There is no unified form for such a provision. Therefore, to make it easier for you to make a position “for yourself”, let's see what main sections can be distinguished in it and what to write in them.

POSITION
on employee bonuses
OOO ____________________

I. General provisions In this section, you specify the regulatory framework and the purpose of the regulation. You can also designate the circle of bonus workers (in particular, full-time employees and part-time workers).
1.1. This Regulation on bonus payments to employees of LLC ____________________ (hereinafter referred to as the Regulation) was developed in accordance with the Labor Code of the Russian Federation, the Tax Code of the Russian Federation, the Regulation on the Remuneration of Employees of LLC ____________________ (hereinafter referred to as the Company), the collective agreement of the Company and establishes the procedure and conditions for bonuses to employees of the Company.
This Regulation is a local regulatory act of the Company.
1.2. This Regulation applies to employees holding positions in accordance with the staff list, working in the Company both at their main place of work and part-time.
1.3. In this Regulation, bonuses should be understood as the encouragement of employees for conscientious efficient work. It consists in the payment to employees of sums of money in excess of the salary and additional payments for working conditions that deviate from normal.
1.4. Bonuses are aimed at strengthening the material interest of employees in improving the results of the Company's work.
1.5. Bonus payments to employees based on the results of their work depend on the quality of work of employees, the financial condition of the Company and other factors that may influence the very fact and amount of bonuses.

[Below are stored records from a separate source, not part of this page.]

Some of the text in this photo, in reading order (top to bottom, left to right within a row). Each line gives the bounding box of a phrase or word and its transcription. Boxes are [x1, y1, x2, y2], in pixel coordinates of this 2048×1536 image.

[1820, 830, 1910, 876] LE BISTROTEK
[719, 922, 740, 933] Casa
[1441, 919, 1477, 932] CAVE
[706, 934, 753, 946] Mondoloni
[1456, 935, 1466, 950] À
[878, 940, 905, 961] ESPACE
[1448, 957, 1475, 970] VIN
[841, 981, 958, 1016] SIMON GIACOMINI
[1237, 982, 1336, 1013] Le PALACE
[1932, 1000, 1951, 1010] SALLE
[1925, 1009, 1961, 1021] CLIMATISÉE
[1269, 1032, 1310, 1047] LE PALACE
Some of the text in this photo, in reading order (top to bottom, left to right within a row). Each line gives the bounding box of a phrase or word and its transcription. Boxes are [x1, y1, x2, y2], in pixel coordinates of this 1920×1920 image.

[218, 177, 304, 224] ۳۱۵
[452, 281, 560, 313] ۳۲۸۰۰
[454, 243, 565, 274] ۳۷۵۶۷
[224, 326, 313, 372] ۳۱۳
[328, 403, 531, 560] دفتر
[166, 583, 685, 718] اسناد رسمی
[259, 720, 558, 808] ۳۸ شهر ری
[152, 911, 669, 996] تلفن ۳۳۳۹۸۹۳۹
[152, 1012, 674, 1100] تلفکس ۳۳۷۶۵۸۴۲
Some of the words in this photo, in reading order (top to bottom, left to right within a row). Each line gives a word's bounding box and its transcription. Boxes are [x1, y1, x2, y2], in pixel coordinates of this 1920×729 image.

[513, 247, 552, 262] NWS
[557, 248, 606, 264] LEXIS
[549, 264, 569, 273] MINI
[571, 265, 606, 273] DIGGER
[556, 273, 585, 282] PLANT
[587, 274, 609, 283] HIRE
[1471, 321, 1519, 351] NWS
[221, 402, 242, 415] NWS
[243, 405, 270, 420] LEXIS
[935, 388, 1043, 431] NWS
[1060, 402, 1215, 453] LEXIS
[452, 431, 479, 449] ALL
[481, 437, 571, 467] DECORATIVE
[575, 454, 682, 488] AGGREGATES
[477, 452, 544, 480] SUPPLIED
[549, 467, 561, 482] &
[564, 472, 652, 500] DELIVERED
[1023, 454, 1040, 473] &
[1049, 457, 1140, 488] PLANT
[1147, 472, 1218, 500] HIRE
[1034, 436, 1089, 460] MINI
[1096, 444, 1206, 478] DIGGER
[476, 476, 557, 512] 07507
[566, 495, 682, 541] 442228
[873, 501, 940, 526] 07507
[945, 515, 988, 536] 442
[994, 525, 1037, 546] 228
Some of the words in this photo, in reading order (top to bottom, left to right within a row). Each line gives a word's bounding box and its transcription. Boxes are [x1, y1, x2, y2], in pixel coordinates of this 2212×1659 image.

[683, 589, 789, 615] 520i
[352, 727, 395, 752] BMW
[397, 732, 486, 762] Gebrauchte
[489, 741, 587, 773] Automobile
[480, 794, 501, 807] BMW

II. Types of premiums and bonus indicators In this section, you define the types of bonuses: monthly, quarterly, etc., as well as one-time bonuses for completing a specific work assignment.
To justify the legitimacy of income tax expenses, it is necessary to indicate specific bonus indicators. For example, for overfulfillment of the amount of work (production standards), for the absence of marriage, for the development and implementation of measures aimed at saving materials, etc.
If there are many indicators and they are different for different departments of your organization, you can make lists of bonus indicators for each of the departments. They can be issued as annexes to the Regulations on bonuses.
Also in this section, you can fix the conditions of deprecation. Such a condition may be, for example, the imposition of a disciplinary sanction on an employee.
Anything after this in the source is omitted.